Levinas & the Lear scene in Lonergan’s Margaret

A key scene to the best movie of the last decade- Kenneth Lonergan’s Margaret - involves a class-room discussion about the meaning of Gloucester's line- As flies to wanton boys are we to th' gods, They kill us for their sport. (King Lear Act 4, scene 1, 32–37). The teacher, a diabetic, is trying to steer the discussion to its canonical, Levinas & water, conclusion- Rich people,  powerful people, are like the false gods of the Goyim Epics whose Olympic interpersonal Soap Opera requires the deaths of thousands at Troy which matters coz, like, not everybody is a Goy as is proved, in the book of Job, when some contretemps in Heaven leads to the testing of a righteous man and the humiliation of his comforters.
Job has two alternatives, one is to turn his face to the wall, curse God and die. Goaded beyond endurance by young Elihu ('you're rich- this proves you've been stealing from widows and orphans') he seeks a particular type of Justice- a face to face Justice.God grants him this, in a sense, by revealing His own impassable alterity and somehow this makes everything better because...urm... it's like 'authentic'? and like didn't Heidegger say something about Dread and... anyway, as Woody Allen says, Life is absurd but you still need to pick up your dry cleaning.
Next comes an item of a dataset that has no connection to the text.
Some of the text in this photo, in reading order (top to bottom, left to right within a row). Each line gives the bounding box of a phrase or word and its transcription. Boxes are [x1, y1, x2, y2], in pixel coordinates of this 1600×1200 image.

But since wealthy Jewish New York is being reinvented In Lonergan's film something different happens-  the diabetic teacher is thrown into a tizzy when a student (the class odd-ball?) makes the opposite point. We might be as little able to understand God's Justice as are insects our human world and this is made manifest when we attribute malice or caprice to a type of consciousness which, necessarily, can neither cognize nor be capable of such motives.
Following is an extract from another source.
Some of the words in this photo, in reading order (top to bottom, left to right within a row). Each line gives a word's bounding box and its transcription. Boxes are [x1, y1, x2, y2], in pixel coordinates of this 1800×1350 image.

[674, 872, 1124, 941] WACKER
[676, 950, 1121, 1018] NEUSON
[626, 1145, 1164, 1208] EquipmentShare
This means face to face Justice, Levinasian first philosophy, discovers as alterity nothing save its own  adolescent self-dramatization. True, the Opera may harmonize this and make it inter-personal and redemptive in some particularly tear-provoking way but only because it does so in a language and manner so foreign that it is forbidden in advance to interrupt and accuse the other of deliberately  obfuscating speech acts- which is like totally Nazi-  and can I just tell you what I think, because though I don't yet know what I think, this drama is about me and did I mention you're like totally a Nazi?- no, don't interrupt, let me finish- you are too definitely a Nazi but much much worse because you don't even know you are a Nazi and what was I saying... see? You made me lose my train of thought. Happy now? Fucking Nazi cunt. Think I'll go live with Dad- yes, Mum, I know his ho-bag sings the Horst Wessel song in the bath but at least she isn't a total bitch.